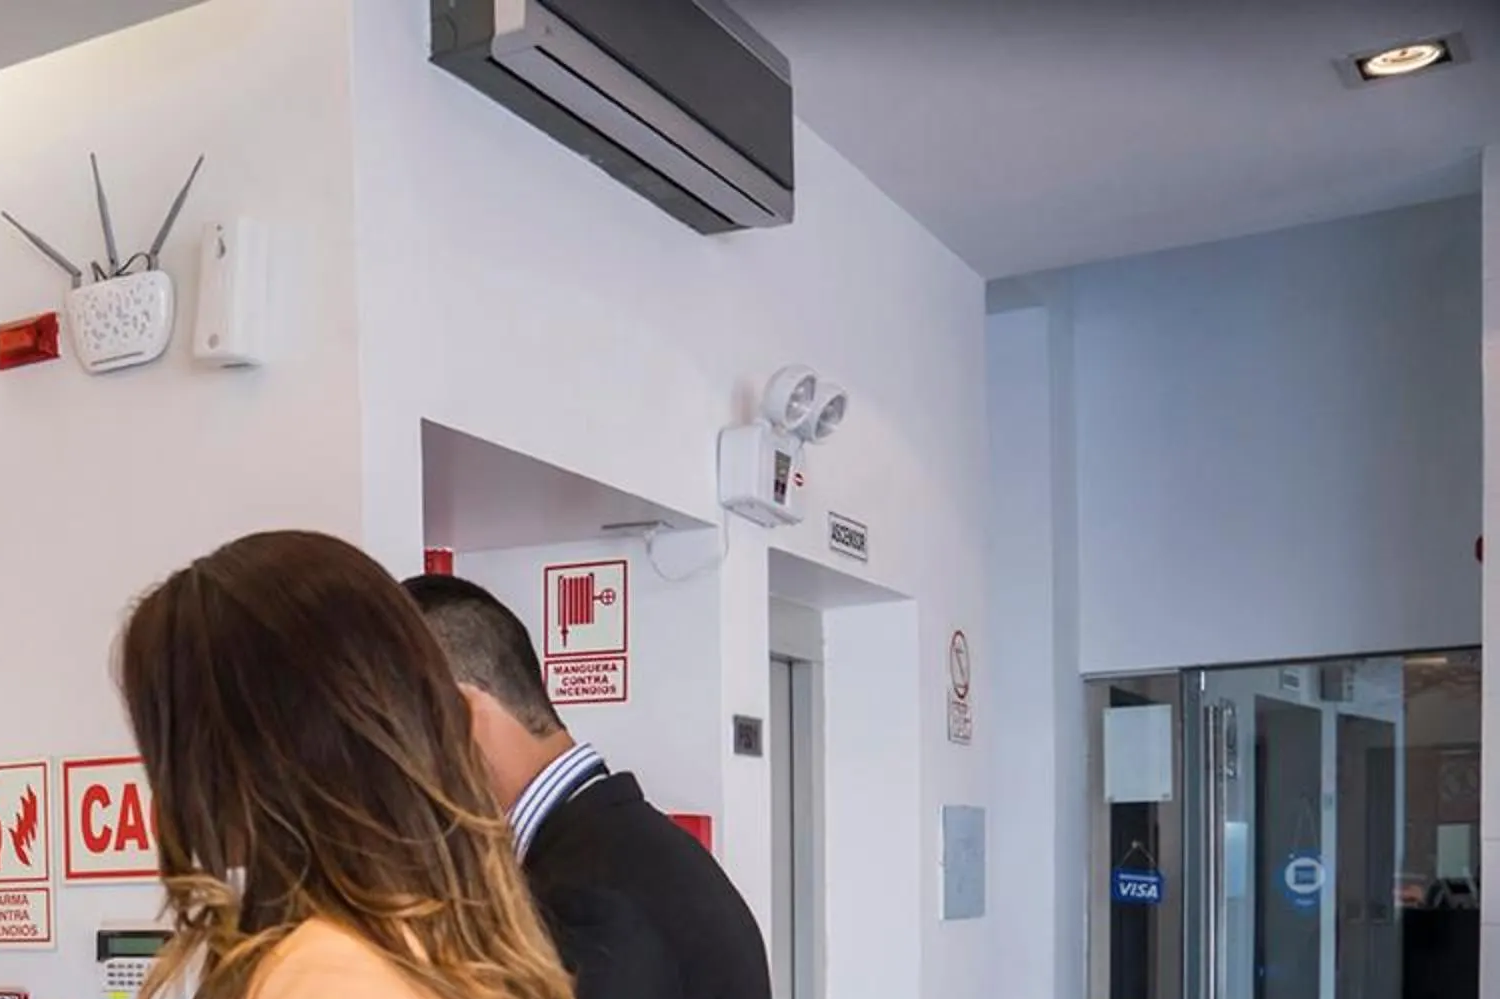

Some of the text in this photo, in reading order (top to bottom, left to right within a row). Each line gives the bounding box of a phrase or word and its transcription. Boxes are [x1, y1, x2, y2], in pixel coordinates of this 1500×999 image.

[561, 674, 609, 686] CONTRA
[555, 684, 616, 697] INCENDIOS
[81, 783, 161, 853] CA
[1119, 882, 1159, 899] VISA
- - - - -
• What to do
Return each entry above unchanged. Leave the pictures out.

• Problem solution
Some of the text in this photo, in reading order (top to bottom, left to right within a row). Each line gives the bounding box of a phrase or word and its transcription. Boxes are [x1, y1, x2, y2], in pixel coordinates of this 1500×999 image.

[561, 674, 609, 686] CONTRA
[555, 684, 616, 697] INCENDIOS
[81, 783, 161, 853] CA
[1119, 882, 1159, 899] VISA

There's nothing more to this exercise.